On 30 May 2013 17:15, Ville Voutilainen <ville.voutilainen@gmail.com> wrote:



On 30 May 2013 16:57, Nikolay Ivchenkov <mk.ivchenkov@gmail.com> wrote:

regardless of the definition of f (which may be unknown for compiler). There is no legal way to modify reference x.ref after its initialization so that it would refer to a different location. Even if we overwrite the storage of x by construction of a new object of type X at address &x (our f could do such thing), a compiler may assume that x.ref is untouched. The same applies to the original example with optional.

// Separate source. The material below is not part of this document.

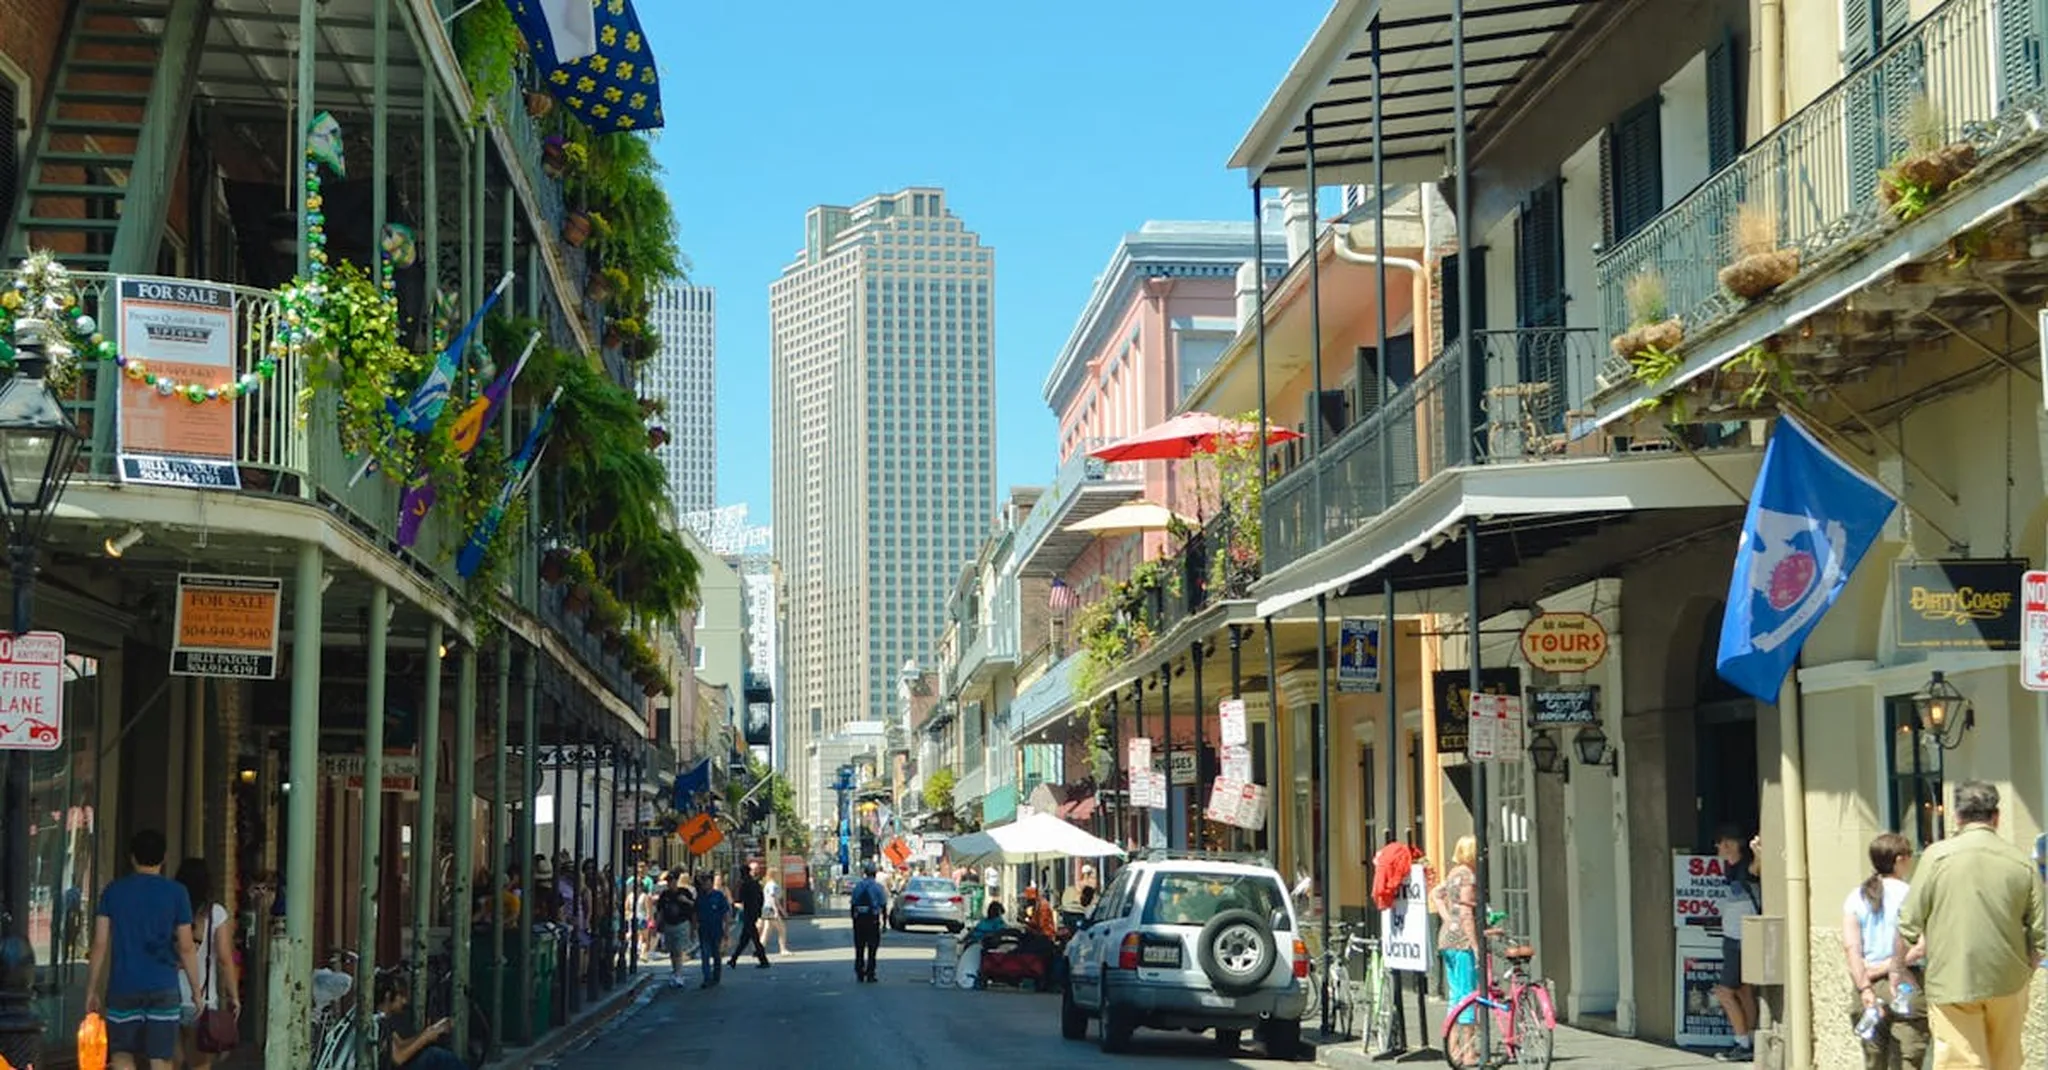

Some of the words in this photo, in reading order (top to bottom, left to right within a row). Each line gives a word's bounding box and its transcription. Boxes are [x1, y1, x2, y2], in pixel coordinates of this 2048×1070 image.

I see, thanks, that's a very good explanation. But there's still the difference that the 3.8/7 would seem to refer to
the storage of A inside the optional (in the original example of yours), and we never had a pointer or a reference
to that storage, but we have a reference inside that storage. Same with this latest example of yours, isn't
explicit destruction and placement-new of x legal, and allowed to modify the reference inside the storage
of x? If we had a pointer/reference to that storage previously, we wouldn't be able to refer to the new
object via those, but in the example we do not have such a pointer/reference.

In other words, I wouldn't expect the compiler to be able to perform the optimization you suggested,
if it doesn't see the definition of f(), since f may take a reference and create a new object
into the storage of x. Should X have a user-provided copy constructor, that copy constructor
could do the same thing even if f() takes its parameter by value.